RC for two days

August 20, 2019
Tags: RC

After a lot of thought and planning I came down to RC for two days, alongwith a fellow Recurser from Boston.

Recap

In 2018 I did a mini batch at RC and simply loved it! I did not like staying away from my nine-month-old son for five days, though. So I decided against doing another batch for a year or two.

NGW 2019

I attended Never Graduate Week with my wife (a senior Recurser) and son and loved the experience! I began toying with the idea of coming down to RC for two days whenever possible. I didn’t want to have any planned project because I felt I wouldn’t be doing justice to it. Also I didn’t want to lose out on the conversations and the random good things that happen in RC which don’t happen in your daily life. I was lucky to get a companion in this plan of mine (who also happens to be the father of a very young baby).

Back to now

Fast forward to August 20 and 21 2019, here’s what I ended up doing. Nothing is a project - everything is a bit of programming that I did for fun.

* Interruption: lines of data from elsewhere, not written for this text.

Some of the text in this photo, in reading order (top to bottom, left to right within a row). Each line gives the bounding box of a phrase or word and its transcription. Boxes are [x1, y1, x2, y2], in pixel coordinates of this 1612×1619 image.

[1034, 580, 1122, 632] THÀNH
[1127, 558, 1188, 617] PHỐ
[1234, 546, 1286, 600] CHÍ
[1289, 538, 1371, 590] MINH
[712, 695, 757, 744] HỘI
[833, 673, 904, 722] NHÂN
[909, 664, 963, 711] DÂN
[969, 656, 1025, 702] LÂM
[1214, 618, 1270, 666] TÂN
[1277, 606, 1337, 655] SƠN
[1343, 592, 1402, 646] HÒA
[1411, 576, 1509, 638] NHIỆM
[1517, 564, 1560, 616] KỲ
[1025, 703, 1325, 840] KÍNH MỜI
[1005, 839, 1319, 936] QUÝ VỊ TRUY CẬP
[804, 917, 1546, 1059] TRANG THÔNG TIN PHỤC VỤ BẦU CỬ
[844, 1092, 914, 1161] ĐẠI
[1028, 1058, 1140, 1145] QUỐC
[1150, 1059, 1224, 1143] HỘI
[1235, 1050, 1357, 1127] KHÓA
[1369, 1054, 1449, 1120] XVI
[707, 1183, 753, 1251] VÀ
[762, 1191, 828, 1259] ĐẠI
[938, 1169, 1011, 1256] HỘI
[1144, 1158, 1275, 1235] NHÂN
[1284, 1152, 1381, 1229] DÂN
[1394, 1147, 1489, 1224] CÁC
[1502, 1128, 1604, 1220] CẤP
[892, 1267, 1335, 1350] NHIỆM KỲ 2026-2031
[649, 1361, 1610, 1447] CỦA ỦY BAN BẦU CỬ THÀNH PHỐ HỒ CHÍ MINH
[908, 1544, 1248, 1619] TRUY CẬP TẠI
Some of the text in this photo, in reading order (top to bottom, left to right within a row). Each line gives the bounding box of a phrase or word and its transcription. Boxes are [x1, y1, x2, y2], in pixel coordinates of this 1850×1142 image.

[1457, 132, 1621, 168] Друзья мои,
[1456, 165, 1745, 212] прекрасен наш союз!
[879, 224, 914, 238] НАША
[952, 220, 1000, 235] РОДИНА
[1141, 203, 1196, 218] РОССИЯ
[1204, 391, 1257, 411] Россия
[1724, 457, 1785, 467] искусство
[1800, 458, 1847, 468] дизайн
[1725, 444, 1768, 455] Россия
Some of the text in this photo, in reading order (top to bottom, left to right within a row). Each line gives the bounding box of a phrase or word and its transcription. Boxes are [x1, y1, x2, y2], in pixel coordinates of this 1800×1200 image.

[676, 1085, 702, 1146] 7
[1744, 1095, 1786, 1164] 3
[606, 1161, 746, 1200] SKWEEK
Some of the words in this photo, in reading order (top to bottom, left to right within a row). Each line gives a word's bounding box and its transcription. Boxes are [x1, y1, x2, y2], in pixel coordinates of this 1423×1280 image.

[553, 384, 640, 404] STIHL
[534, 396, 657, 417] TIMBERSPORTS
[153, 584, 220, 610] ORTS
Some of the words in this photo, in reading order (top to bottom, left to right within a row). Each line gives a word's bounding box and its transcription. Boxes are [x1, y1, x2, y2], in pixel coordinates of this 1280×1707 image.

On the train (evening of August 19)

Tried to print Bengali letters as ASCII art in python. I could print two letters and it was one of the dumbest programs I have ever written. My companion taught me how to use the future package in python and also a bit of numpy - I count these two as useful parts of this exercise.

Morning of August 20

Fished out the source to my hugo-powered blog, and tried to learn how to add tags and categories. I never got to the point of using the tags though. Next, I installed mitmproxy and after a few hiccups succeeded in using it for web traffic from my iPhone. I could watch the HTTP requests coming from my iPhone from various apps. I don’t know why three Facebook apps (Facebook, Messenger and Instagram) didn’t work with the proxy. WhatsApp was working fine. I must have needed to something more. I think what I got going is good enough to watch the traffic from any apps I am curious about.

Afternoon of August 20

I started writing a Swift script for using CLLocationManager to get the current location on my laptop. It wasn’t working for a while and I was almost about to give up. I thought I needed some kind of permissions from my Mac and needed to use XCode. The example I was following was done as a CLI project in XCode. Then I tried a slightly different location request (standard location service instead of significant-change location service) and it started working like a bang! I went ahead and use the CLGeocoder class to find out a name and address of the location, and sort of worked as well. Apple’s developer documentation was very helpful and so was the Swift site. The result is at https://github.com/debamitro/small-examples/blob/master/location.swift .

Evening of August 20

I went to Localhost IX after dinner and managed to reach when it was nearly half over. I bumped into other two Recursers I happen to know and had a happy time!

Morning of August 21

I spent most of the time reading Higher-Order Perl and tweaking my blog’s layout using Hugo templates. The book is particularly heavy in ideas and I needed time to go through them in order to grasp what was being described.

Afternoon of August 21

I learnt from Zulip that two Recursers had done something cool around MIDI and music synthesis. Since there is a digital piano in Turing I started wondering if I could connect it to my mac and somehow read the notes being played on it. I got to know of the pretty-midi python library but that didn’t seem to be exactly what I wanted.

Further searching lead me to portmidi, a C library which seemed to be capable of everything around MIDI. I downloaded it and tried to build it. The cmake-based build didn’t work so I went about compiling the relevant C files manually. This wasn’t hard because my goal was to compile it once in whatever hacky way. After this I went searching for a USB-to-USB-C converter. Fortunately another Recurser lent me one, I connected the piano to my mac and ran one of the test programs …. and it worked! Notes played on the piano were showing up on the terminal as MIDI events. Some sample notes emitted by the program went into the piano and it was playing. I was really excited and showed this to someone.

After that I wrote a small program for myself which linked in the portmidi library and played a few notes on the piano. Since I forget stuff very fast I pushed it to github.

The end

I think I can safely conclude that spending two days at the Recurse Center is very much worth it. A lot can happen here because the space is very conducive towards tinkering and programming. I guess it helps not to have any fixed plan - that way you try to do what works and leave what does not. The definition of ‘works’ also stays flexible if you don’t have a plan.